> [DATASET CONTENT]:
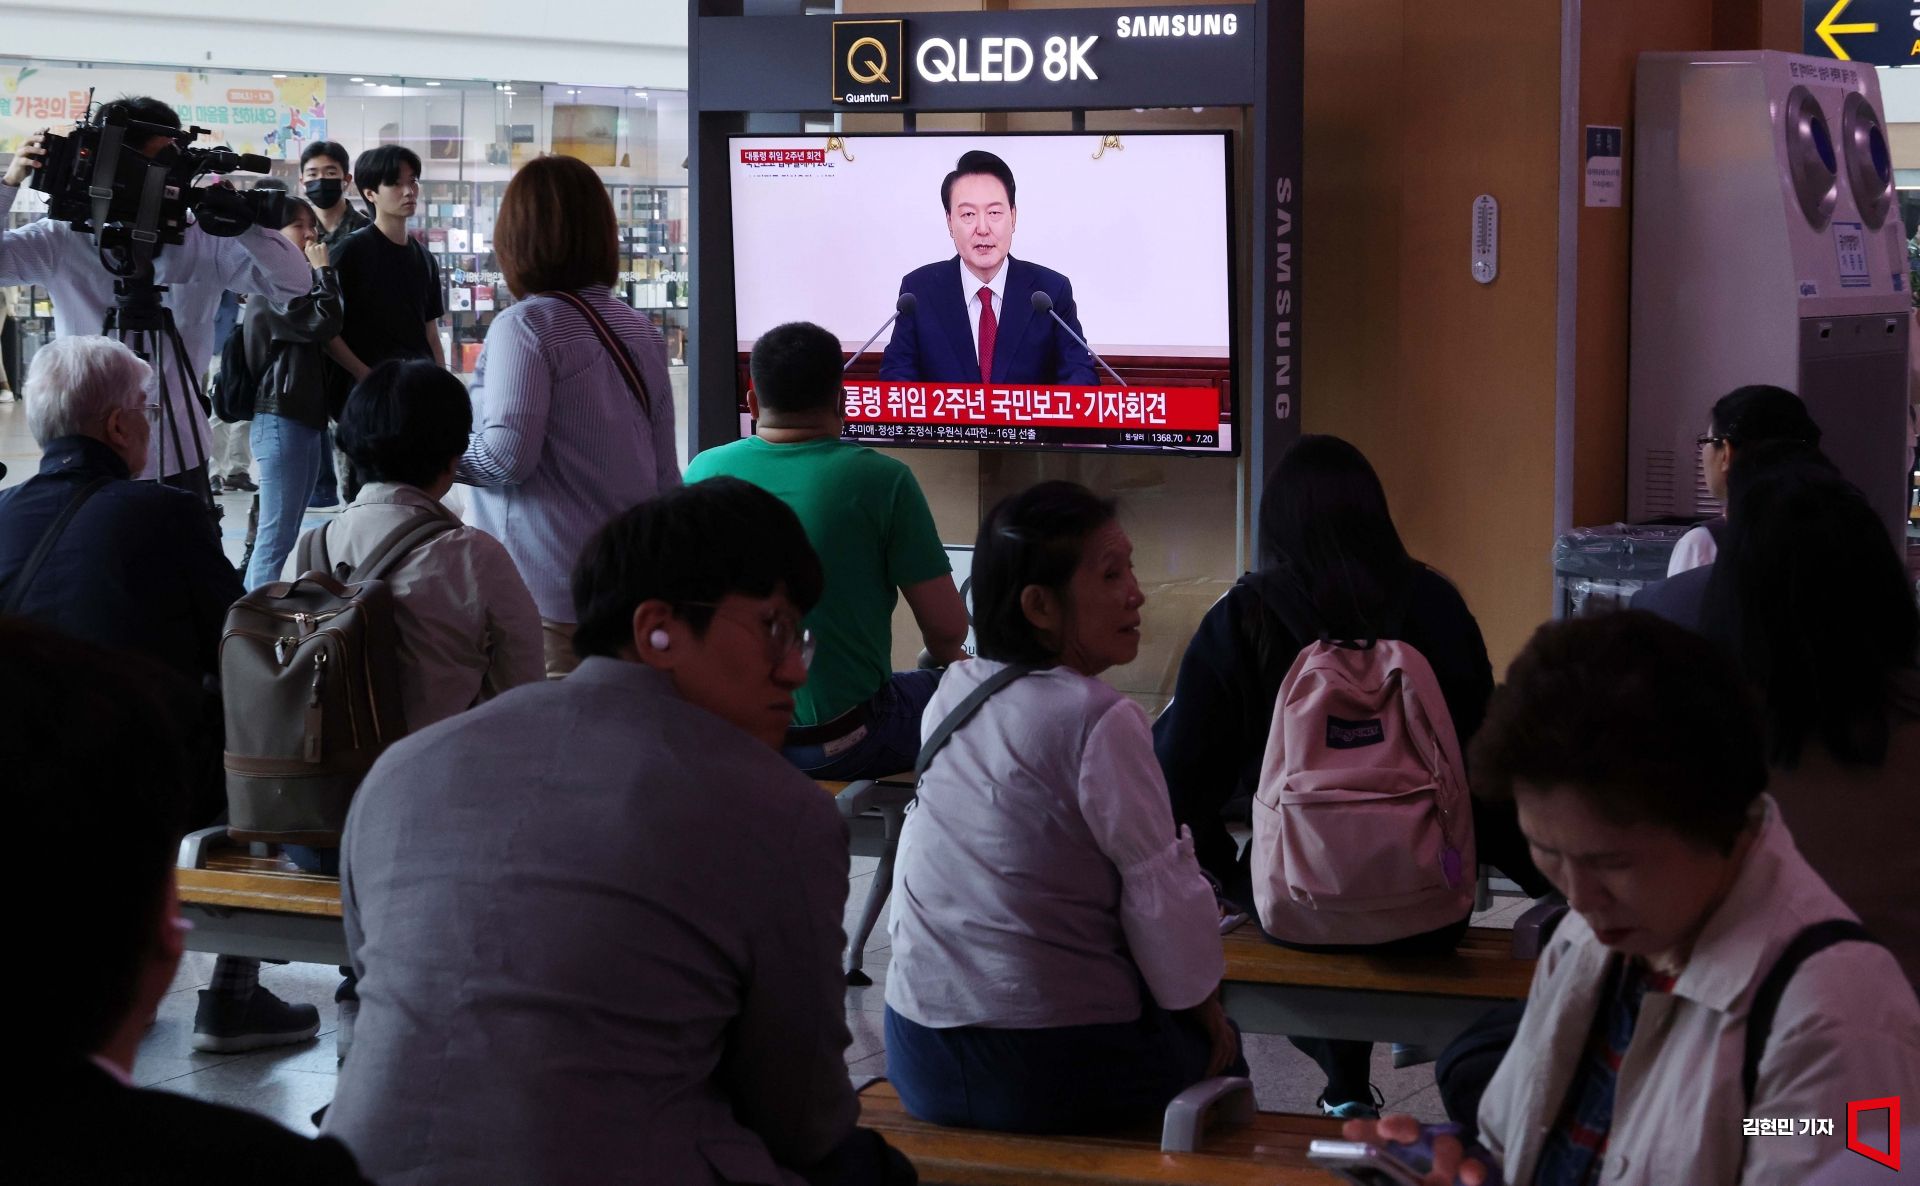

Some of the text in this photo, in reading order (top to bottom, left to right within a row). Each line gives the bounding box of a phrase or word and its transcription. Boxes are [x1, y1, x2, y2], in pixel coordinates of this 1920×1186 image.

[1117, 14, 1237, 37] SAMSUNG
[916, 36, 1098, 82] QLED 8K
[15, 96, 67, 119] 가정의
[846, 93, 888, 103] Quantum
[745, 151, 821, 161] 대통령 취임 2주년 회견
[1275, 177, 1292, 420] SAMSUNG
[844, 386, 881, 418] 통령
[887, 386, 926, 418] 취임
[932, 388, 986, 420] 2주년
[1019, 428, 1036, 440] 선출
[1151, 433, 1183, 443] 1368.70
[1195, 434, 1213, 443] 7.20

> [ABOUT THIS TASK]: Write the listing above out again word for word, excluding all images.

> [WRITTEN RESPONSE]:
Some of the text in this photo, in reading order (top to bottom, left to right within a row). Each line gives the bounding box of a phrase or word and its transcription. Boxes are [x1, y1, x2, y2], in pixel coordinates of this 1920×1186 image.

[1117, 14, 1237, 37] SAMSUNG
[916, 36, 1098, 82] QLED 8K
[15, 96, 67, 119] 가정의
[846, 93, 888, 103] Quantum
[745, 151, 821, 161] 대통령 취임 2주년 회견
[1275, 177, 1292, 420] SAMSUNG
[844, 386, 881, 418] 통령
[887, 386, 926, 418] 취임
[932, 388, 986, 420] 2주년
[1019, 428, 1036, 440] 선출
[1151, 433, 1183, 443] 1368.70
[1195, 434, 1213, 443] 7.20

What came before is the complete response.